Para pemuda terhenti mendengar kata 'ada jalan keluar', bahkan suara tangis pun reda. Wei WuXian, "Bagaimana?" Lan WangJi, "Ada dedaunan di dalam kolam." Meski kalimatnya terdengar aneh, Wei WuXian langsung mengerti. Memang ada sedikit dedaunan di atas permukaan kolam. Namun di dalam gua ini tidak ada satu pun pohon maple maupun jejak-jejak peradaban manusia. Di dekat jalan masuk pun hanya ada pohon beringin. Meski begitu, daun maple ini masih semerah api, masih segar. Saat mendaki gunung tadi, mereka juga menjumpai dedaunan yang hanyut terbawa air sungai. Jiang Cheng juga menyadarinya, "Di bagian dasar kolam sepertinya ada lubang yang terhubung dengan air di luar sana. Pasti itu yang menghanyutkan daun-daun maple di hutan dekat sungai. Seseorang berujar takut, "Tapi... bagaimana kita bisa tahu kalau lubangnya cukup besar untuk dilewati orang? Kalau ternyata terlalu kecil bagaimana?" Jin ZiXuan mengerutkan kening, "Dan makhluk buas itu masih terus mengintai dari dalam kolam." Wei WuXian menyingkap kelepak jubahnya, satu tangan mengipasi luka di balik pakaiannya, "Kalau ada harapan, sebaiknya kita bergerak. Apa pun itu, masih lebih baik daripada menunggu orangtua kita datang

ke sini dan tidak melakukan apa-apa. Memangnya kenapa kalau makhluk itu masih mengawasi dari kolam? Kita hanya perlu memancingnya supaya keluar."

[Kelepak: (lapels) Lipatan pakaian pada bagian dada/kerah.]

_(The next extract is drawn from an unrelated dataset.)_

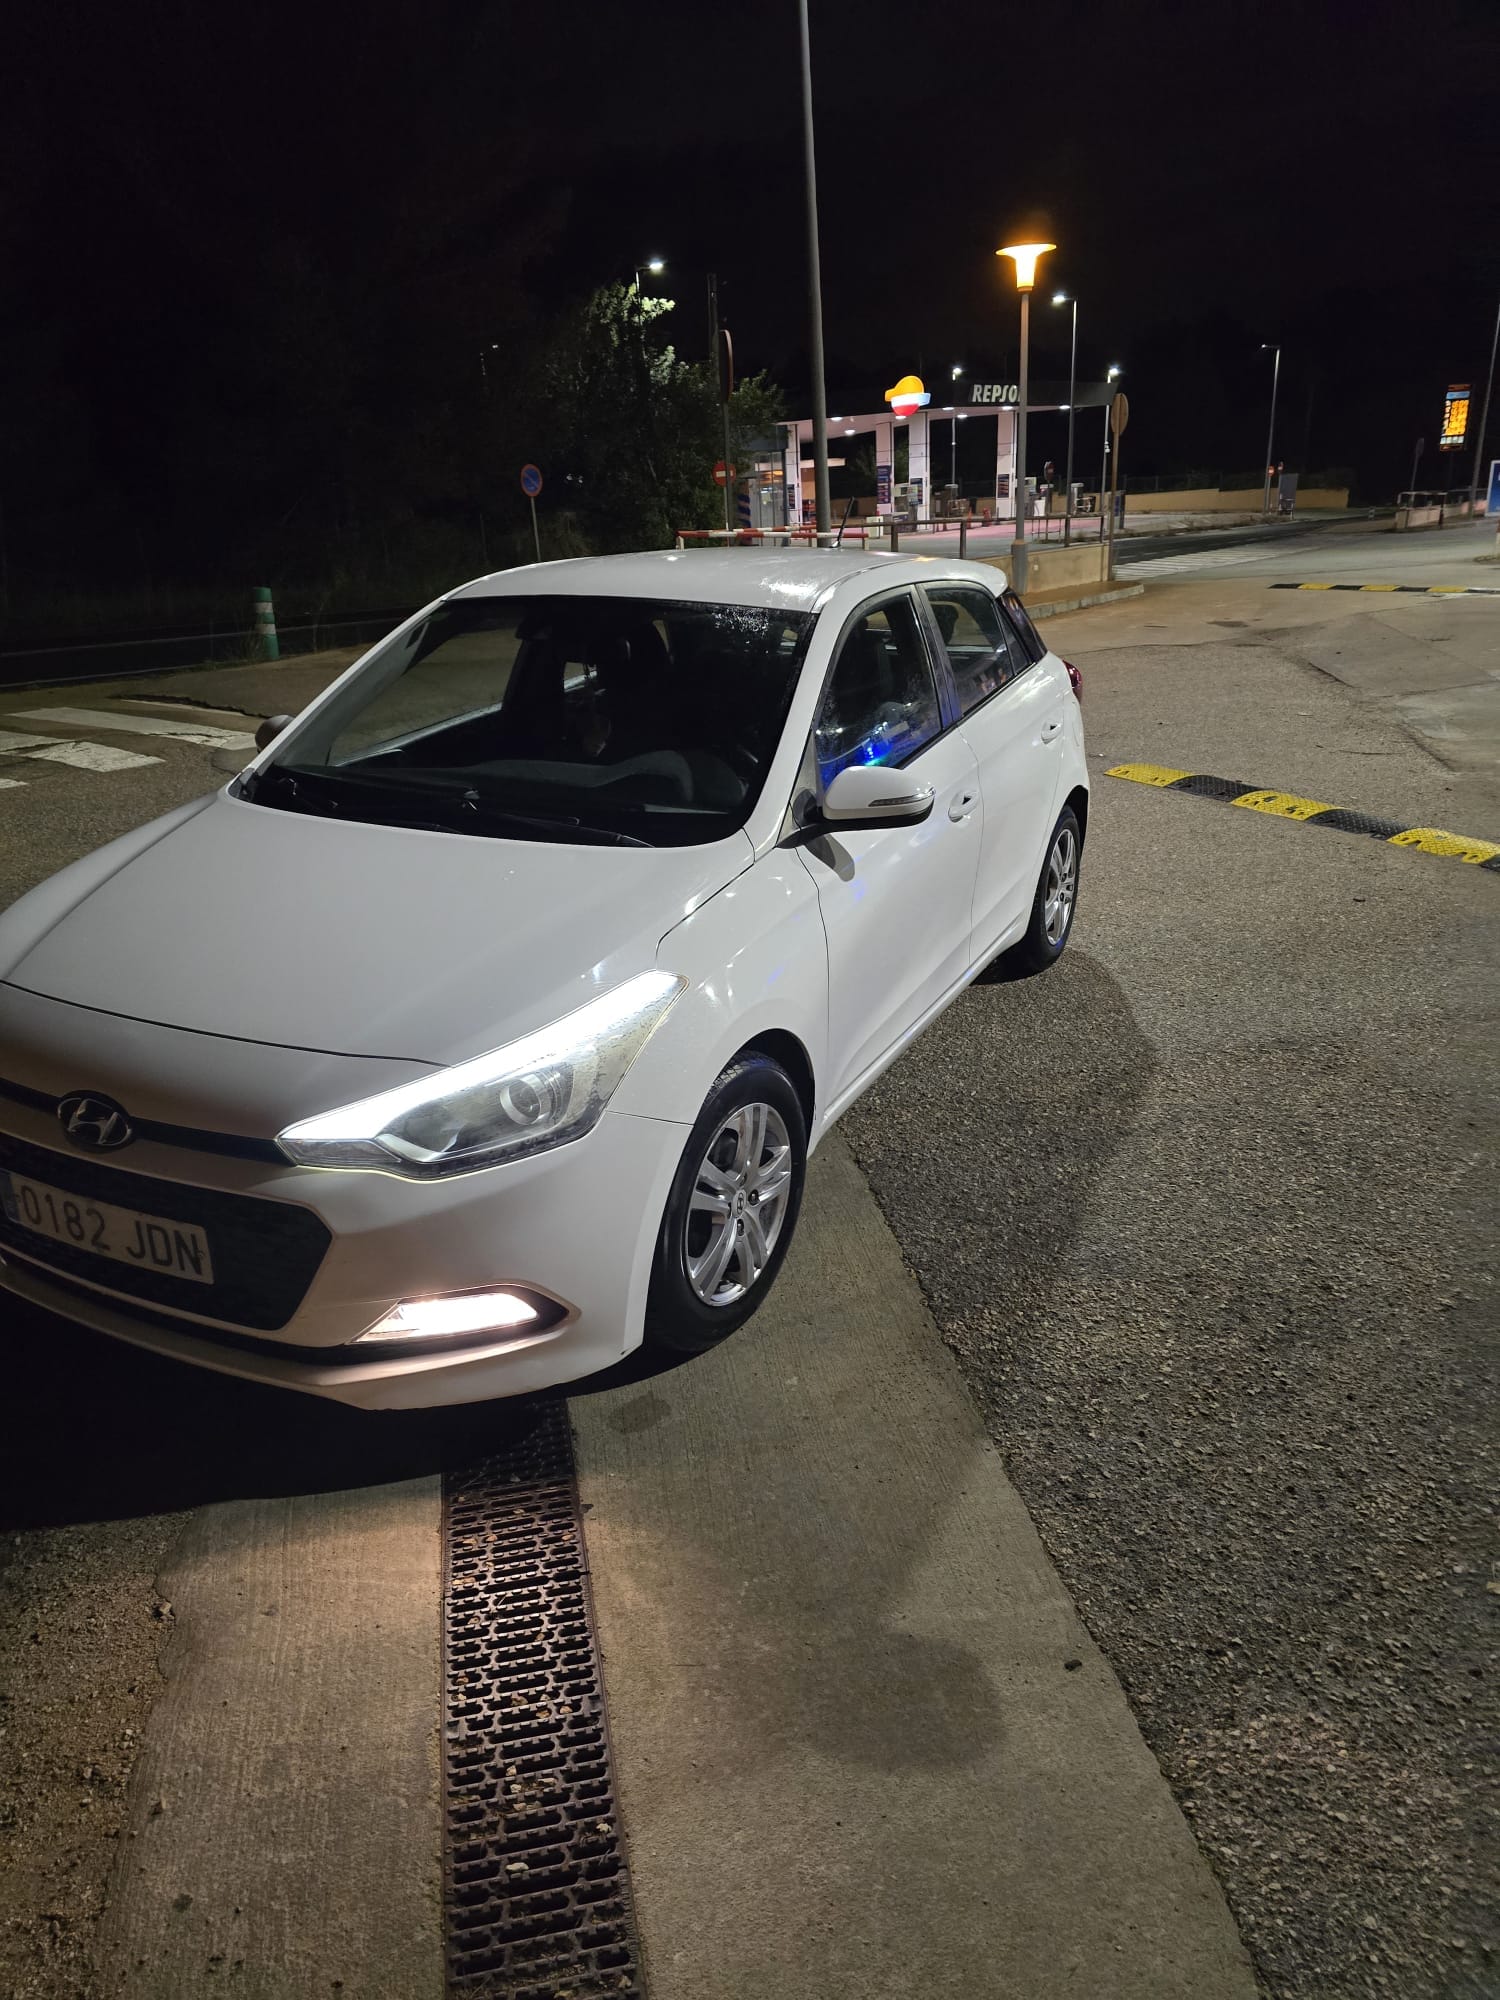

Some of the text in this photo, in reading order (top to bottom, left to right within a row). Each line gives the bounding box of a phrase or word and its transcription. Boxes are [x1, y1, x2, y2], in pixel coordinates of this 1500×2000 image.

[972, 384, 1020, 403] REPSO
[20, 1185, 203, 1275] 0182 JDN
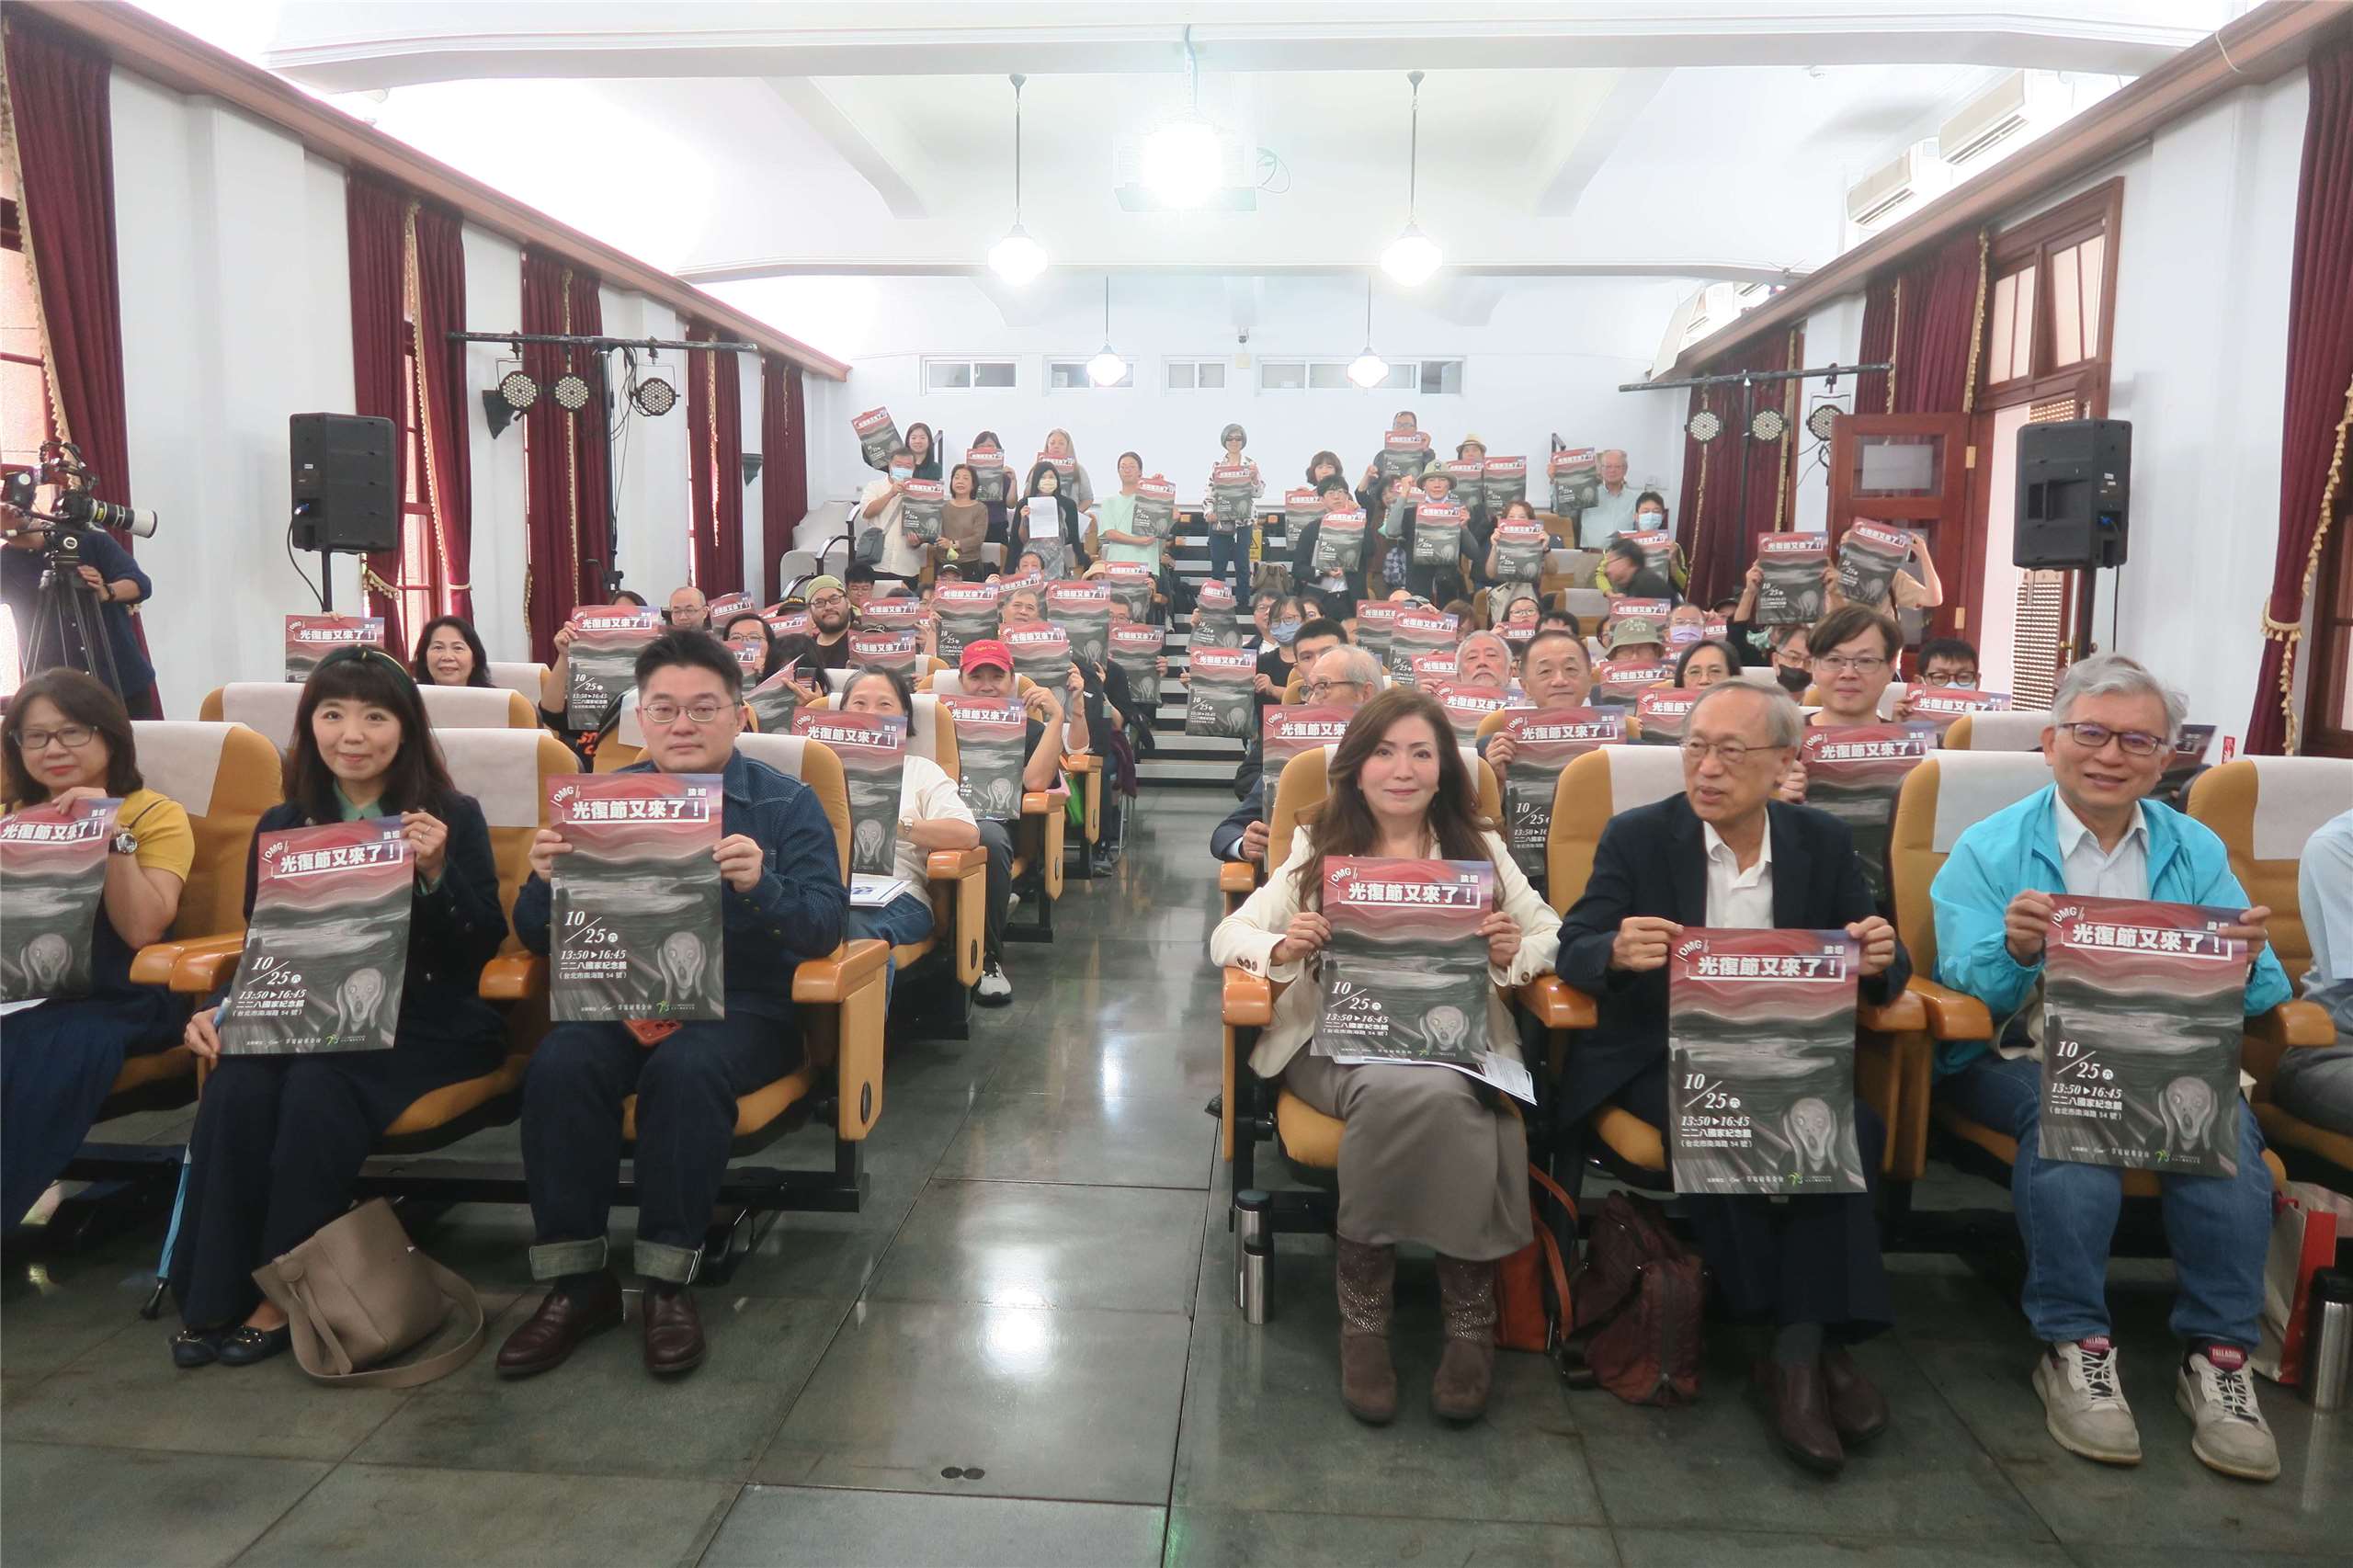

Setelah saling diskusi, sekelompok pemuda itu pergi ke tempat mereka datang tadi. Mereka bersembunyi di dalam gua dan diam-diam mengintip entitas itu. Sebagian besar tubuhnya tenggelam di air kolam. Tubuh panjang mirip ular itu terjulur dari cangkangnya dengan rahang terbuka, perlahan mengapit mayat di antara giginya sebelum tertarik masuk kembali dan menyeret mayat itu ke dalam cangkang gelapnya yang mirip kastil. Seolah makhluk itu ingin menikmati buruannya di dalam sana. Wei WuXian melempar lenteranya hingga membentur salah satu sudut gua. Suaranya begitu nyaring di tengah keheningan bawah tanah ini. Kepala makhluk itu langsung muncul dari sela cangkangnya. Pupil

tipisnya memantulkan cahaya dari kobaran lentera. Secara insting tertarik pada benda yang memancarkan panas dan cahaya, dan perlahan menjulurkan lehernya. Di belakangnya, Jiang Cheng menyelam ke dalam air tanpa suara. Sekte YunmengJiang tinggal berdekatan dengan air. Kemampuan berenang semua muridnya pun jelas mengesankan. Begitu Jiang Cheng menyelam masuk, riak airnya langsung menghilang. Permukaan airnya tidak terlalu bergejolak. Semua orang memelototi permukaan air dan sesekali melirik makhluk itu. Melihat kepala hitam dan besar itu bergerak mengitari lentera dengan ragu, entah berdebat ingin mendekat atau tidak, benak setiap orang pun menegang. Tahu-tahu makhluk itu mendekatkan hidungnya ke kobaran api seolah memutuskan untuk mencicipi benda bercahaya itu. Namun nyala api dari lentera malah membakar hidungnya. Leher makhluk buas itu langsung menyusut. Dua aliran uap air menyembur dari lubang hidungnya yang marah, membuat nyala lentera langsung padam. Jiang Cheng kebetulan sudah mentas dari dalam air dan menghirup napas dalam-dalam. Merasakan ada sesuatu yang menyusup ke teritorinya, makhluk itu meliukkan kepala dan menyerbu ke arah Jiang Cheng.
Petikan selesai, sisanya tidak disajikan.